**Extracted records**

┌──

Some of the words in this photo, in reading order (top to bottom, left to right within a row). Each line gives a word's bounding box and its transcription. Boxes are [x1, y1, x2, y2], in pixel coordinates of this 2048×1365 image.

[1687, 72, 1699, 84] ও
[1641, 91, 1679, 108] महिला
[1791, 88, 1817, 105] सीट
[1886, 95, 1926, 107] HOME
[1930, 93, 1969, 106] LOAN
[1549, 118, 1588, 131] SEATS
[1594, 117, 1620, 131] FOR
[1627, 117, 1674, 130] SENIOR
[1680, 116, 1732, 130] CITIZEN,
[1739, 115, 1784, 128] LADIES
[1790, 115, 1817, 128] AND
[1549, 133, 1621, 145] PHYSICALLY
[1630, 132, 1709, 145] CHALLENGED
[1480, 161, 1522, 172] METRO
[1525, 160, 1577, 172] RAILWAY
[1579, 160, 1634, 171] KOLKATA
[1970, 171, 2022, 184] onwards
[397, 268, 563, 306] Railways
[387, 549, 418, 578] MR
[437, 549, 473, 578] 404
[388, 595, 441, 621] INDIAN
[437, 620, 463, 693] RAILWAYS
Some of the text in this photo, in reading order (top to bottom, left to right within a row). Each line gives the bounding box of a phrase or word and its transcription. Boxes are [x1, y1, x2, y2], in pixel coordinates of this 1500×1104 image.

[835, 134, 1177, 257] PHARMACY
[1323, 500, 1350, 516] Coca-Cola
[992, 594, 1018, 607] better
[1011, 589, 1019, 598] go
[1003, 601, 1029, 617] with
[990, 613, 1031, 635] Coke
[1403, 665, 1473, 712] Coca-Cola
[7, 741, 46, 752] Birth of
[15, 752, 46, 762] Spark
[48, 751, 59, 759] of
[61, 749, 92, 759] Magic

└──

**What this task involves**
Retype every entry exactly.

**Result for this task**
Some of the words in this photo, in reading order (top to bottom, left to right within a row). Each line gives a word's bounding box and its transcription. Boxes are [x1, y1, x2, y2], in pixel coordinates of this 2048×1365 image.

[1687, 72, 1699, 84] ও
[1641, 91, 1679, 108] महिला
[1791, 88, 1817, 105] सीट
[1886, 95, 1926, 107] HOME
[1930, 93, 1969, 106] LOAN
[1549, 118, 1588, 131] SEATS
[1594, 117, 1620, 131] FOR
[1627, 117, 1674, 130] SENIOR
[1680, 116, 1732, 130] CITIZEN,
[1739, 115, 1784, 128] LADIES
[1790, 115, 1817, 128] AND
[1549, 133, 1621, 145] PHYSICALLY
[1630, 132, 1709, 145] CHALLENGED
[1480, 161, 1522, 172] METRO
[1525, 160, 1577, 172] RAILWAY
[1579, 160, 1634, 171] KOLKATA
[1970, 171, 2022, 184] onwards
[397, 268, 563, 306] Railways
[387, 549, 418, 578] MR
[437, 549, 473, 578] 404
[388, 595, 441, 621] INDIAN
[437, 620, 463, 693] RAILWAYS
Some of the text in this photo, in reading order (top to bottom, left to right within a row). Each line gives the bounding box of a phrase or word and its transcription. Boxes are [x1, y1, x2, y2], in pixel coordinates of this 1500×1104 image.

[835, 134, 1177, 257] PHARMACY
[1323, 500, 1350, 516] Coca-Cola
[992, 594, 1018, 607] better
[1011, 589, 1019, 598] go
[1003, 601, 1029, 617] with
[990, 613, 1031, 635] Coke
[1403, 665, 1473, 712] Coca-Cola
[7, 741, 46, 752] Birth of
[15, 752, 46, 762] Spark
[48, 751, 59, 759] of
[61, 749, 92, 759] Magic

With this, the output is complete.